Dennis Faas's picture

Not long ago, Google agreed to pay $125 million to the book industry to settle claims of copyright infringement over its BookSearch scheme. The agreement means Google can now legally scan copyrighted books and put them online as long as they are no longer in print.

The cash will go towards setting up a registry of books involved, compensating authors and publishers affected by Google's violations, and paying the legal fees of the case. The agreement will have to get the backing of a New York court (where the case was brought) before it takes effect. (Source:

The case involved a scheme in which Google scanned pages from books and included the text as part of its search index. The dispute was mainly about whether Google could only include short extracts of text in its results (which is generally accepted as legitimate) or could reproduce entire pages (which the book industry said violated copyright).

The deal means Google now has permission to show full page scans in its results for books where the publishers agree to be included. However, with books that are still in print, it can only let users see 20% of the pages in any one book. With books where publishers don't take part in the scheme, Google can mention the book in its results but can't show any of the text. The deal also only applies to the US, meaning users in other countries can only see short extracts of any copyrighted book.

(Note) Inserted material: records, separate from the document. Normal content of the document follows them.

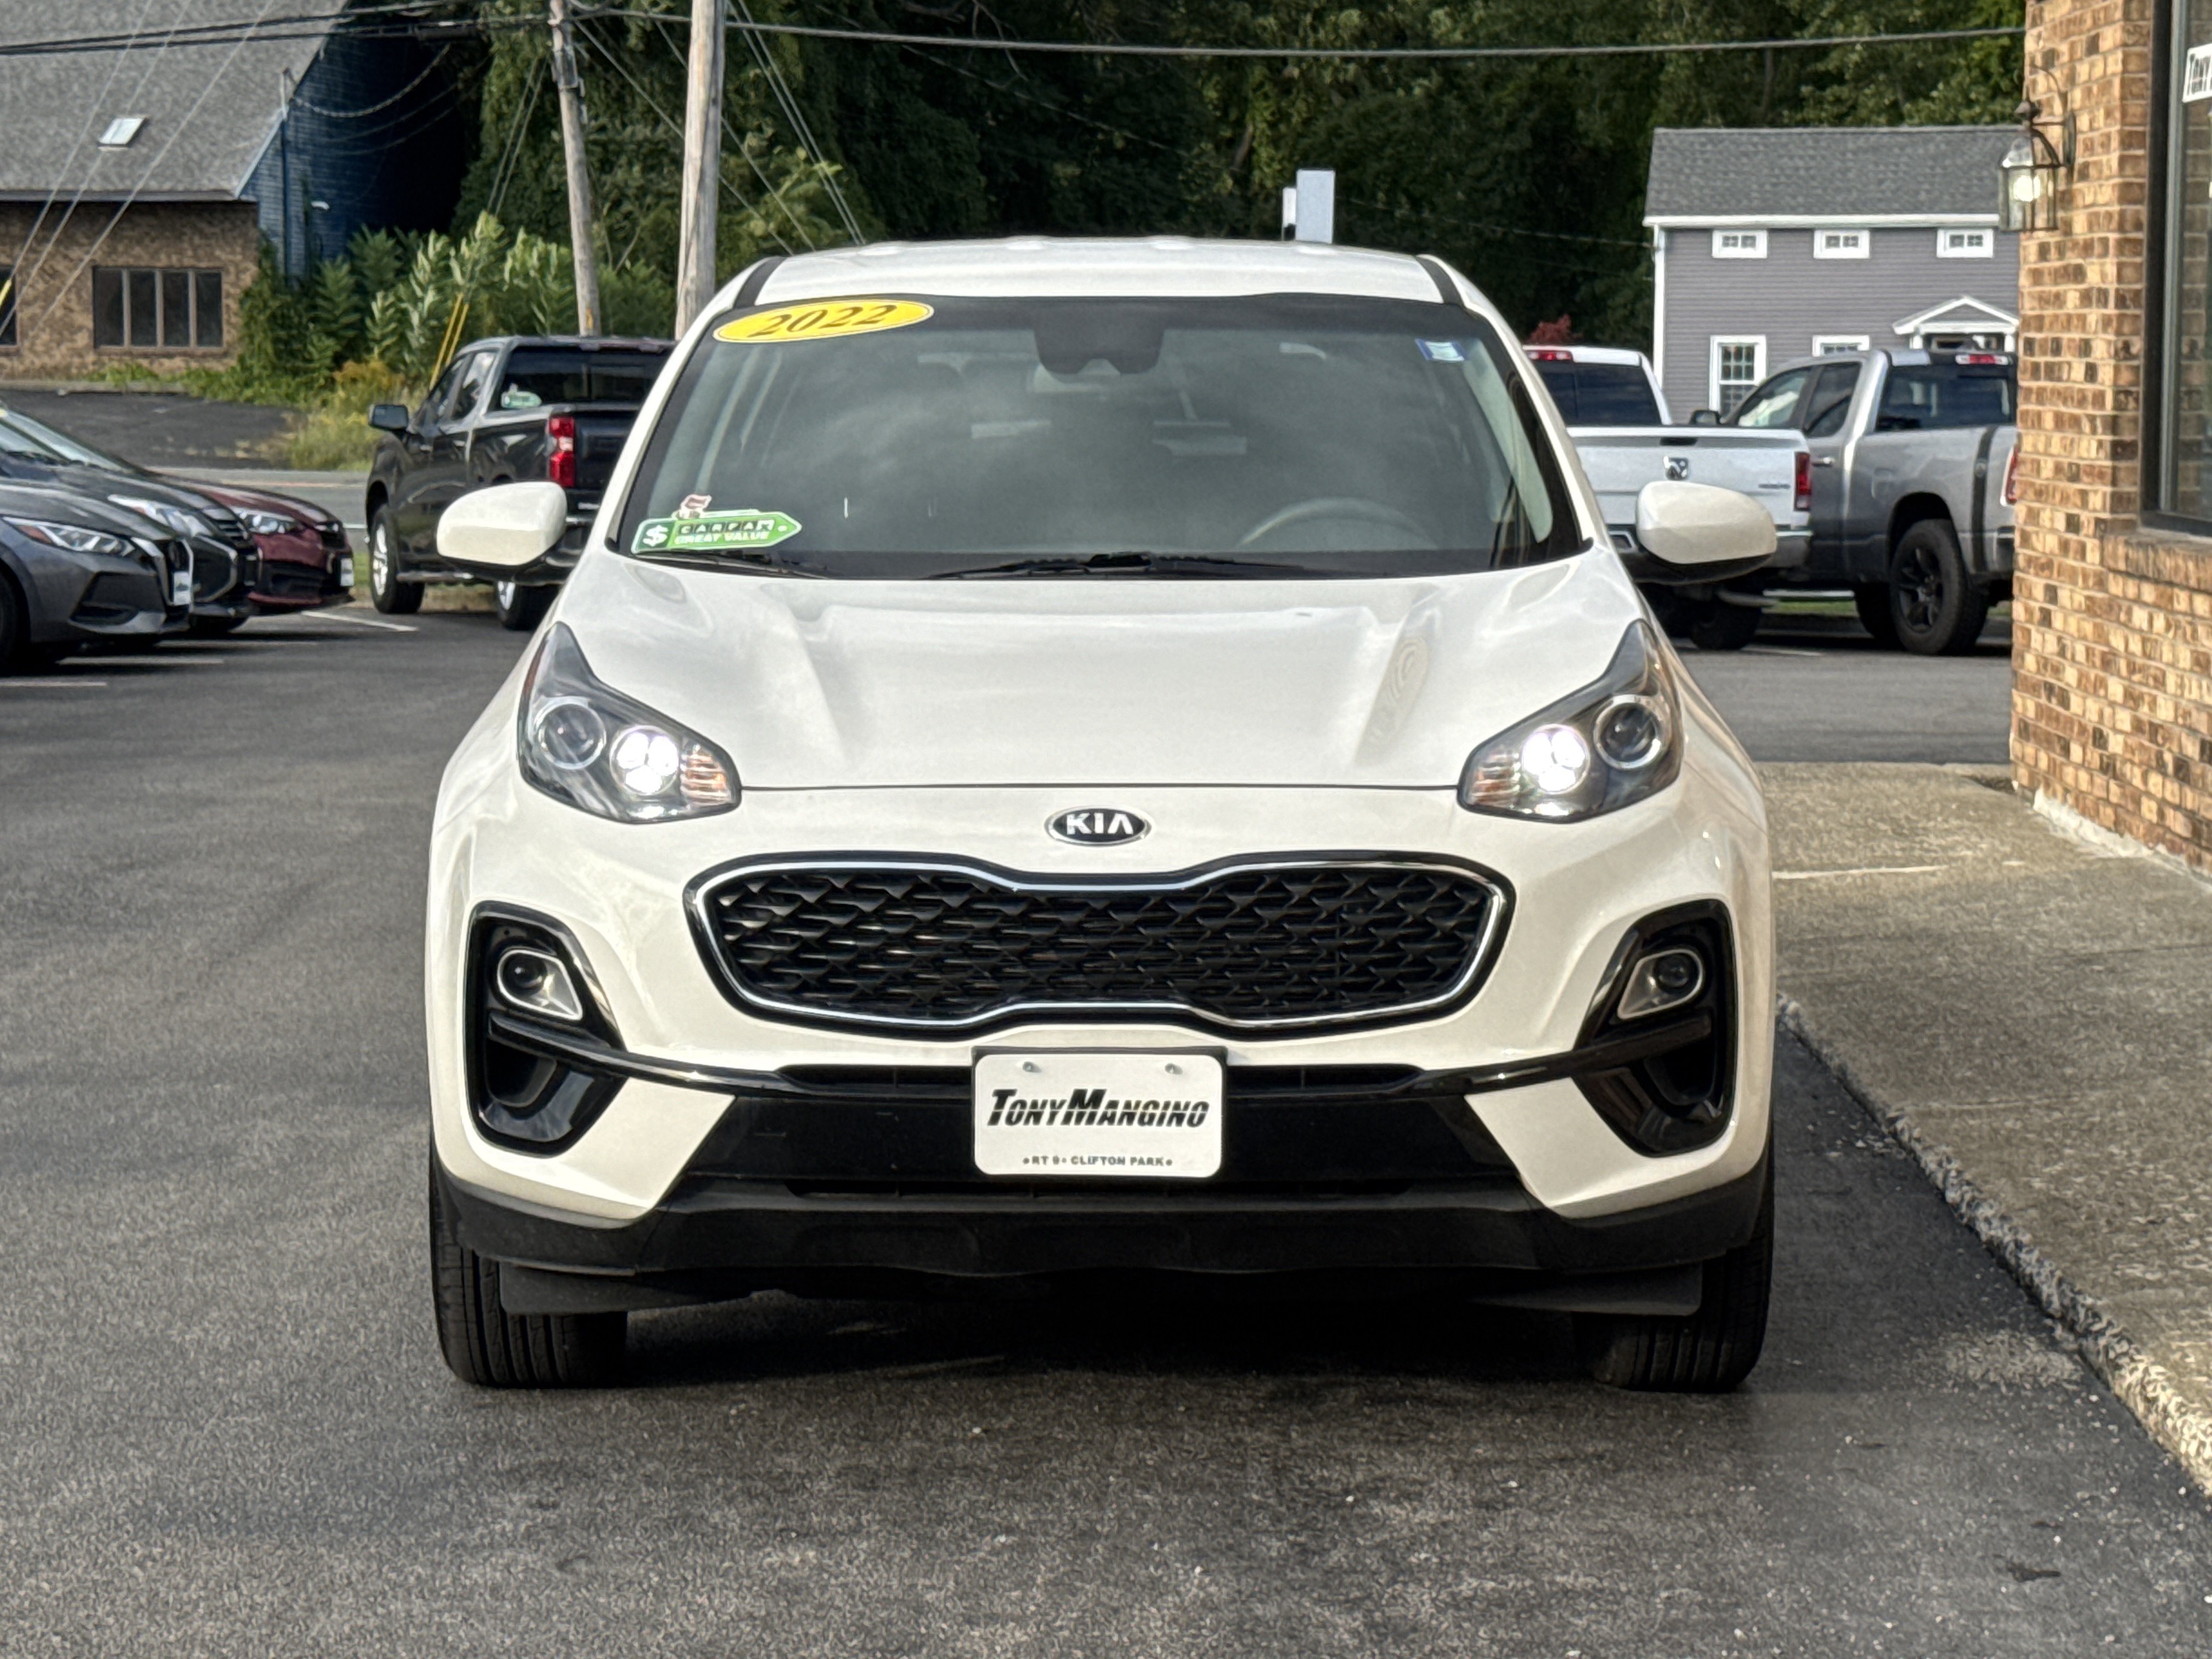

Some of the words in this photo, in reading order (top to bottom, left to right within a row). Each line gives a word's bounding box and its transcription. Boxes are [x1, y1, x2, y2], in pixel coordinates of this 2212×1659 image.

[747, 304, 898, 338] 2022
[680, 521, 773, 534] CARFAX
[674, 533, 723, 545] GREAT
[724, 531, 771, 542] VALUE
[1066, 812, 1134, 835] KIA
[1070, 1156, 1125, 1166] CLIFTON
[1130, 1156, 1164, 1167] PARK

As well as settling the legal dispute, the two sides have agreed a business deal. Publishers can give permission for Google to charge users to see the full text of a book and set up subscription deals for libraries or universities to provide unlimited access to such books. Google will take 37% of the revenues with publishers getting the rest, along with a cut of any ad revenue produced from the page. (Source:

It's worth noting that, because the agreement came outside a courtroom, it doesn't have any legal bearing on ongoing question of whether Google's past actions were legal or not; the two sides continue to disagree on that point.